- “Quarter hour ratings are compressed, advertisers and agencies are setting cost-per-points and a lot of companies are responding to those avail requests at lower cost-per-points. It’s a dive to the bottom of the barrel market right now and it won’t stop until you see more consolidation and stronger balance sheets.” - Cumulus Media COO John Dickey at this week's Morning Show Boot Camp
- "I think ESPN is a fine product. I think we can put a very competitive product on the field. There is choice now. I think for the first time, there is going to be real choice for not only updates, but a 24-hour network, expert analysis, and features. There is going to be a legitimate competitive offering out there, to offer real choice. I think choice makes everybody better. I think the broadcasters will benefit from this. We have a lot of respect for ESPN and what they've done. I think they have sort of had it to themselves, and this is a real opportunity to offer real choice to both the broadcasters and the advertisers." - Cumulus Media Chairman/CEO Lew Dickey in Radio Ink
- "The Department of Justice still sees its role as a way to promote competition and editorial diversity. The DOJ remains focused on practices that lessen competition, raise price, or reduce quality of service. A practice that reduces competition in a media market can dull incentives for participants to develop and bring to market new information or new and creative content," - Antitrust Division’s chief counsel on competition policy Gene Kimmelman at the American Antitrust Institute conference also this week in Washington
If owning one third of the radio stations can't keep a company from holding rate, I don't think letting them own more will suddenly give them pricing power or the courage to ask for better rates.

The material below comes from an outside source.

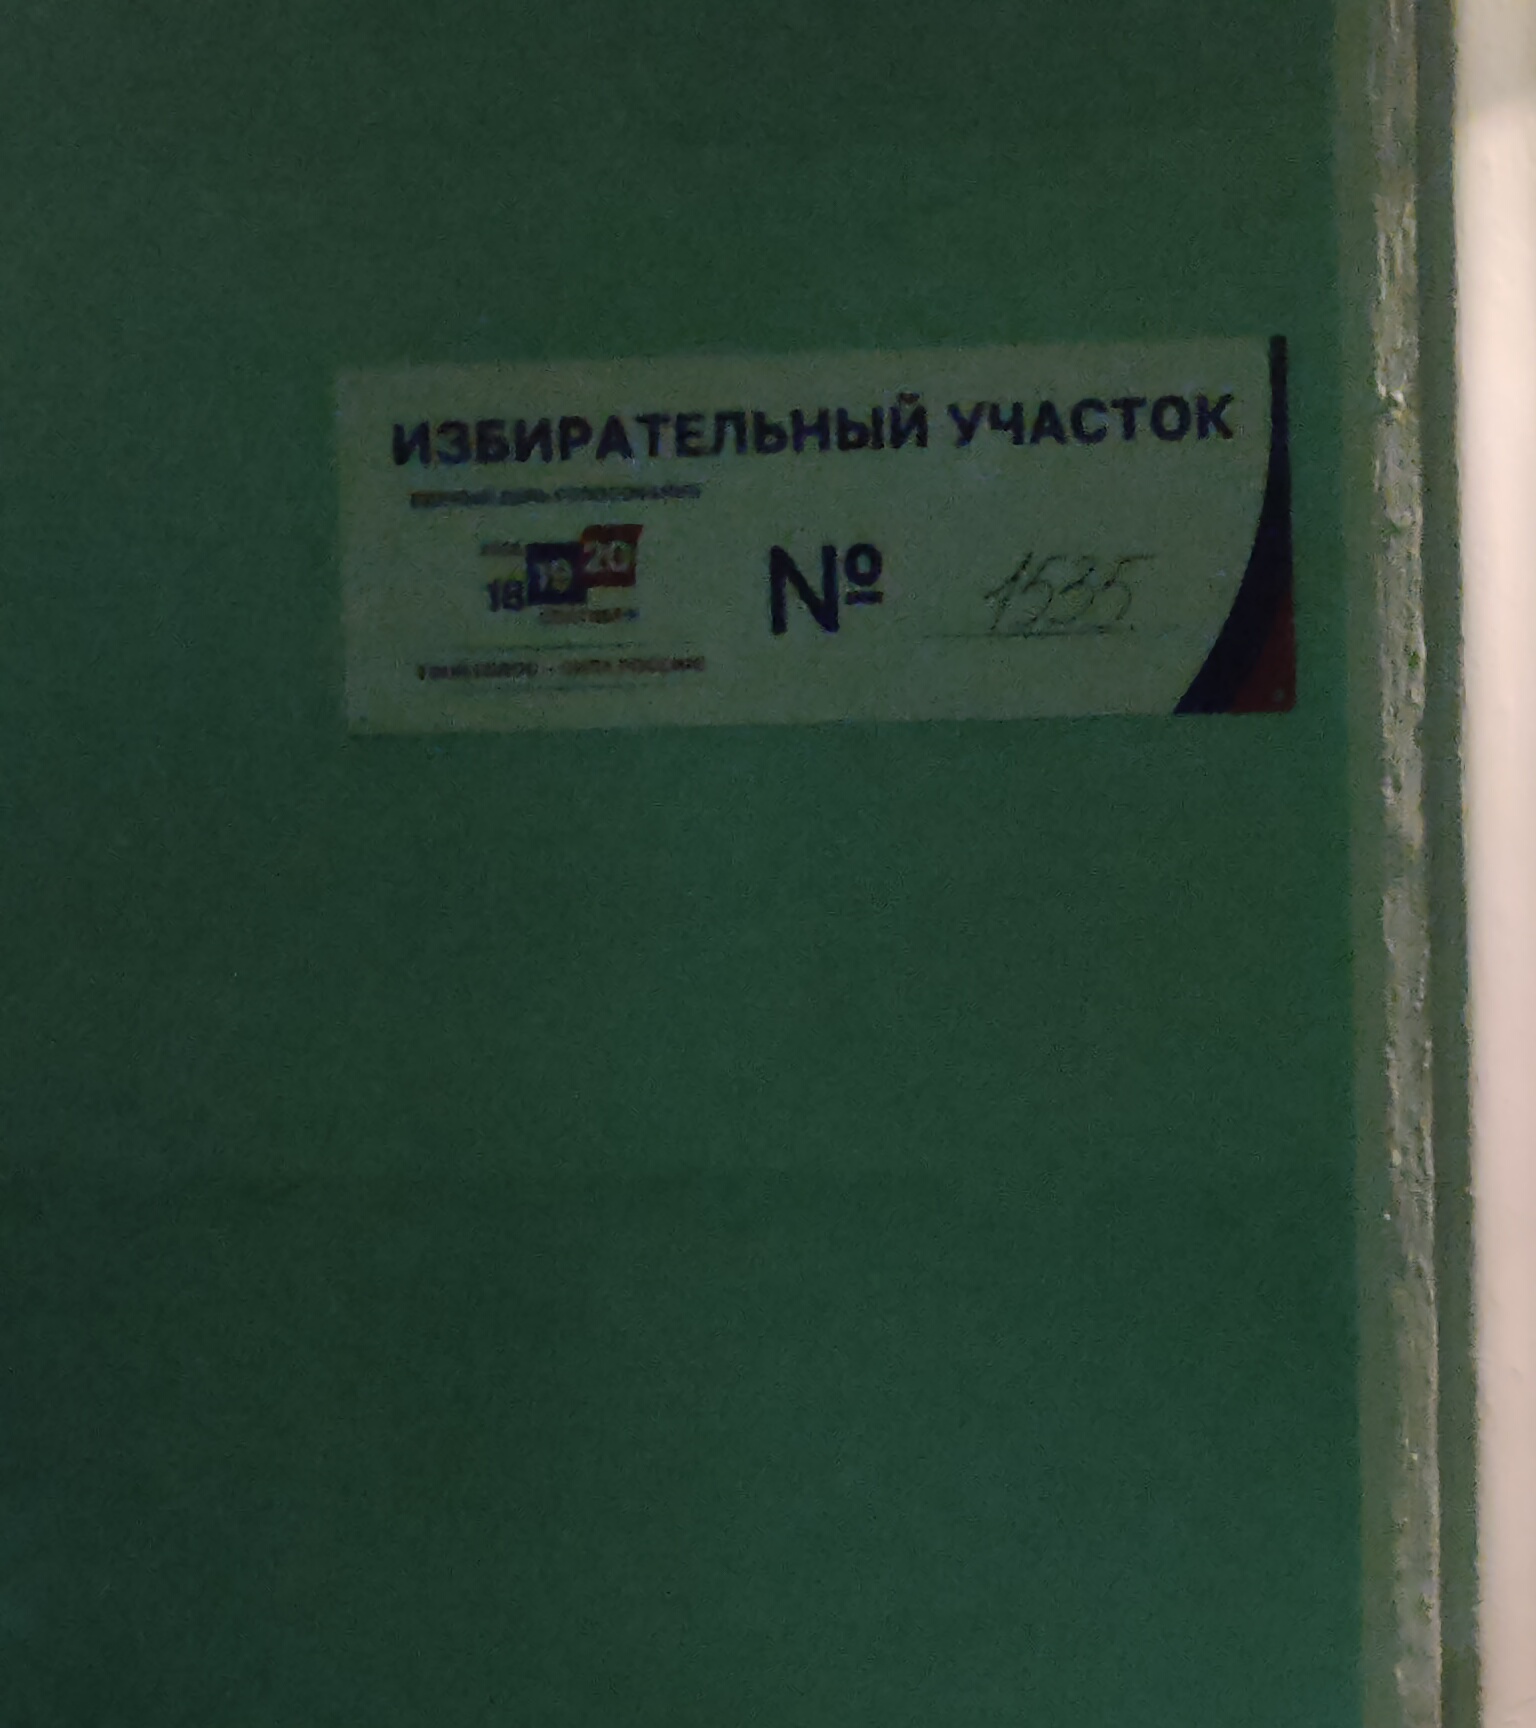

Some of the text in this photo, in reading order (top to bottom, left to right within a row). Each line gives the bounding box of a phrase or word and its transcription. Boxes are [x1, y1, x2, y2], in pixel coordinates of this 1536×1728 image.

[392, 392, 1235, 466] ИЗБИРАТЕЛЬНЫЙ УЧАСТОК
[584, 539, 633, 573] 20

My hope is that the emerging "frenemies" relationship between CBS Radio and Cumulus ultimately results in a new national rep firm to give Clear Channel-owned Katz Radio and its subsidiaries some aggressive competition in presenting local radio companies of all sizes to national advertisers, which would greatly help increase confidence of being repped fairly, not just getting leftover dollars in line behind Clear Channel stations who just might possibly get presented first.
The more competition the better for all of us who want to be sure radio's prices in the coming years represent the medium's proven ability to drive results for advertisers, based on our equitable share of the total media day.